1. Feminism was behind no-fault divorce, according to this feminist, pro-no-fault-divorce writer.

Excerpt:

Households of 2010 don’t look quite like they did in 1969, when no-fault divorce actually was a controversial topic and these counter-arguments held some weight. The working dad/stay-at-home mom model of the middle class has been replaced by two-parent earner households and a growing number of working mom/stay-at-home dad arrangements. In working poor and impoverished families, the one-parent provider model was never the norm. No-fault divorce seemed scary when it had never before existed, but the truth is that its introduction was long overdue. Feminist groups at the time supported no-fault divorce, as it provided women an escape hatch from desperately unhappy marriages in a society where they were already disadvantaged on almost every level, regardless of their marital status. Imagine an abusive marriage in 1968, when the court-savvy abuser could actually force the victim to stay in the relationship forever. Imagine that now, and you know why domestic violence attorneys are in full support of introducing no-fault divorce to New York. And the judges aren’t the only problem.

Note that the author of this piece thinks that it is not women’s fault that they choose men who they then want to divorce. It’s not the woman’s fault that she is unhappy with the man she courted with and then chose and then made vows to. She isn’t responsible for choosing a good man with chastity, sobriety, moral convictions, etc. She thinks that women shouldn’t be held responsible for their choices. Also, feminists think that children do fine without fathers.
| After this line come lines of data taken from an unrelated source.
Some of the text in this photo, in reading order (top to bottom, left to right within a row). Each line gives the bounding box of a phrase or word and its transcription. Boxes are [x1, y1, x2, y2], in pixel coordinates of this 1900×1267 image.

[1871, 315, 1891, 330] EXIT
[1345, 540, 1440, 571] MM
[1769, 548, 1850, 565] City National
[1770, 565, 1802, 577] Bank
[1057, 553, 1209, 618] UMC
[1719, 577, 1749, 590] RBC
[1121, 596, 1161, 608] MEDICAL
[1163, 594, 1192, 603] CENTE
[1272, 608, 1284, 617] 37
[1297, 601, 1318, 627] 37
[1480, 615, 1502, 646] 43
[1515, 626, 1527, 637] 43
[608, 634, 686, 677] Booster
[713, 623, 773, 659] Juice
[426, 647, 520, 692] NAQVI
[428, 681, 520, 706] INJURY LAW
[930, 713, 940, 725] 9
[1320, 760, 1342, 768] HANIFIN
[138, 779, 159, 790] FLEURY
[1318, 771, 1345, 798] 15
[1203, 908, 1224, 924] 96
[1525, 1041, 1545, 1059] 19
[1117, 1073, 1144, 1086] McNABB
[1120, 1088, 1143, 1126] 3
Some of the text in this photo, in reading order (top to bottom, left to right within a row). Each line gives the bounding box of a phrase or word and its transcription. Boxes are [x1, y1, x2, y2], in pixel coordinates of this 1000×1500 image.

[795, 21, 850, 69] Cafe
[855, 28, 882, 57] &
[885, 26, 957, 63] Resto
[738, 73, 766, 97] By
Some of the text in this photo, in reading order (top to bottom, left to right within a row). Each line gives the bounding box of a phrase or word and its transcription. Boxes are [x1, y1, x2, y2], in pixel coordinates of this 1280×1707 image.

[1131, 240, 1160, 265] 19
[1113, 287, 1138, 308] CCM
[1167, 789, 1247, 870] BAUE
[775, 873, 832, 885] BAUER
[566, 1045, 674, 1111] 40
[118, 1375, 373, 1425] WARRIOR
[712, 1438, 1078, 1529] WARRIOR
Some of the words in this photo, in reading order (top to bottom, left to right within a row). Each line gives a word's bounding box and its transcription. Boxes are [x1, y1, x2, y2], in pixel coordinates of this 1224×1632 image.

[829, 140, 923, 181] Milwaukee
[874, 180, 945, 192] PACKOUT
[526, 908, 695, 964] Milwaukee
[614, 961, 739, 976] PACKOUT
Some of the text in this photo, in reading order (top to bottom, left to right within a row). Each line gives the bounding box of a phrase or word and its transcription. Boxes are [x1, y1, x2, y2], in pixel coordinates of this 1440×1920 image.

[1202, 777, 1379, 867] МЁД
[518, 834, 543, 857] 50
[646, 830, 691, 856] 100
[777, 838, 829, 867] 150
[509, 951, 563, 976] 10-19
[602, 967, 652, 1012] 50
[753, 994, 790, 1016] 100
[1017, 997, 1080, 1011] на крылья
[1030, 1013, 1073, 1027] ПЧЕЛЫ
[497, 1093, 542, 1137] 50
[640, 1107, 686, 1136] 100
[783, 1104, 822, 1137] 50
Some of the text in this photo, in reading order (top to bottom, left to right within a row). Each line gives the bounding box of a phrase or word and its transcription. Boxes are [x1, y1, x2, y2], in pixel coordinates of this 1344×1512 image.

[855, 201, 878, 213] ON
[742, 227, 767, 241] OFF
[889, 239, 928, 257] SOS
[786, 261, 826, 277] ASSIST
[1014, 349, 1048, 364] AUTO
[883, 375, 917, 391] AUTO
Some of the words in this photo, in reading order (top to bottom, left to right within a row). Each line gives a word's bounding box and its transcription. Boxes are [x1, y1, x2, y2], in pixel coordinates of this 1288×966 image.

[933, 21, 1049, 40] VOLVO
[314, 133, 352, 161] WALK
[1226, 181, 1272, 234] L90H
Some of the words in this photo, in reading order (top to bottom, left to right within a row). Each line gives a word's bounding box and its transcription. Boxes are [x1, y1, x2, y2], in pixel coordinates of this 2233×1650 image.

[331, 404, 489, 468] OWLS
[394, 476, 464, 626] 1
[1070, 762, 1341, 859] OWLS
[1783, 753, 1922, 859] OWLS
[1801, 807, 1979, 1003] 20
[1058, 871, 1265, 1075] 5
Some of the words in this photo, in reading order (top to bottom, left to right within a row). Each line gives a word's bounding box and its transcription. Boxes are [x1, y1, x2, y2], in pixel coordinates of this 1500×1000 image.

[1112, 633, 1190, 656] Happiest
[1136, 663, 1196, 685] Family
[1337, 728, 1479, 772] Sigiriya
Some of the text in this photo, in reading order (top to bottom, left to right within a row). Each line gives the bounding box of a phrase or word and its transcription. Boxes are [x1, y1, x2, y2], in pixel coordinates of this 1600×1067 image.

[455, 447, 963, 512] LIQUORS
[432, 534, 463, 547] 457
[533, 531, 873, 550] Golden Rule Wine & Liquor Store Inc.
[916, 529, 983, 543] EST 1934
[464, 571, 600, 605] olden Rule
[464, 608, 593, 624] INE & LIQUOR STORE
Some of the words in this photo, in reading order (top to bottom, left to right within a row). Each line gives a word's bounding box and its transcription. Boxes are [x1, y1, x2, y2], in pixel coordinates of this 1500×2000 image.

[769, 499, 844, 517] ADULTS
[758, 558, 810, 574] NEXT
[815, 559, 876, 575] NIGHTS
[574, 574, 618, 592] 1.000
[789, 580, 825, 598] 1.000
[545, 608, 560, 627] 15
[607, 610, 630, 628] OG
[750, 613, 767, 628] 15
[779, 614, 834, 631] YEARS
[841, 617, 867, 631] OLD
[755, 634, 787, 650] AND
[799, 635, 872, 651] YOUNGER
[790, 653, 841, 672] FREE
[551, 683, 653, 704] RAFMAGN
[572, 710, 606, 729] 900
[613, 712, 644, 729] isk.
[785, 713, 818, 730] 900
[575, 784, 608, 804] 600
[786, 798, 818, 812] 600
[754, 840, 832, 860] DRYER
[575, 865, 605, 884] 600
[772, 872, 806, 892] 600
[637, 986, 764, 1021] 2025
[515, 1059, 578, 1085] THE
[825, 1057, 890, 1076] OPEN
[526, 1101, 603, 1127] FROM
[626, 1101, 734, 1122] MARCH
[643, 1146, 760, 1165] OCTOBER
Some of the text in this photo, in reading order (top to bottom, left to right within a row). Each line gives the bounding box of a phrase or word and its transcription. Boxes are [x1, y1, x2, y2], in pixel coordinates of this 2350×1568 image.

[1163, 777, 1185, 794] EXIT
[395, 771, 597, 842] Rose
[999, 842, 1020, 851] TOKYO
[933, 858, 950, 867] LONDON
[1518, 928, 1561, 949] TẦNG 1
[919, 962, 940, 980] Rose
2. Easier divorces means more divorces.

Abstract:

This paper analyzes a panel of 18 European countries spanning from 1950 to 2003 to examine the extent to which the legal reforms leading to “easier divorce” that took place during the second half of the 20th century have contributed to the increase in divorce rates across Europe. We use a quasi-experimental set-up and exploit the different timing of the reforms in divorce laws across countries. We account for unobserved country-specific factors by introducing country fixed effects, and we include country-specific trends to control for time-varying factors at the country level that may be correlated with divorce rates and divorce laws, such as changing social norms or slow moving demographic trends. We find that the different reforms that “made divorce easier” were followed by significant increases in divorce rates. The effect of no-fault legislation was strong and permanent, while unilateral reforms only had a temporary effect on divorce rates. Overall, we estimate that the legal reforms account for about 20 percent of the increase in divorce rates in Europe between 1960 and 2002.

It seems obvious, but more evidence never hurts. About 70% of divorces are initiated by women, either because they chose to marry the wrong man, or because they become unhappy with the right man.

3. Marital instability causes women to vote for bigger government for security.

Excerpt:

Giving women the right to vote significantly changed American politics from the very beginning. Despite claims to the contrary, the gender gap is not something that has arisen since the 1970s. Suffrage coincided with immediate increases in state government expenditures and revenue, and these effects continued growing as more women took advantage of the franchise. Similar changes occurred at the federal level as female suffrage led to more liberal voting records for the state’s U.S. House and Senate delegations. In the Senate, suffrage changed voting behavior by an amount equal to almost 20 percent of the difference between Republican and Democratic senators. Suffrage also coincided with changes in the probability that prohibition would be enacted and changes in divorce laws.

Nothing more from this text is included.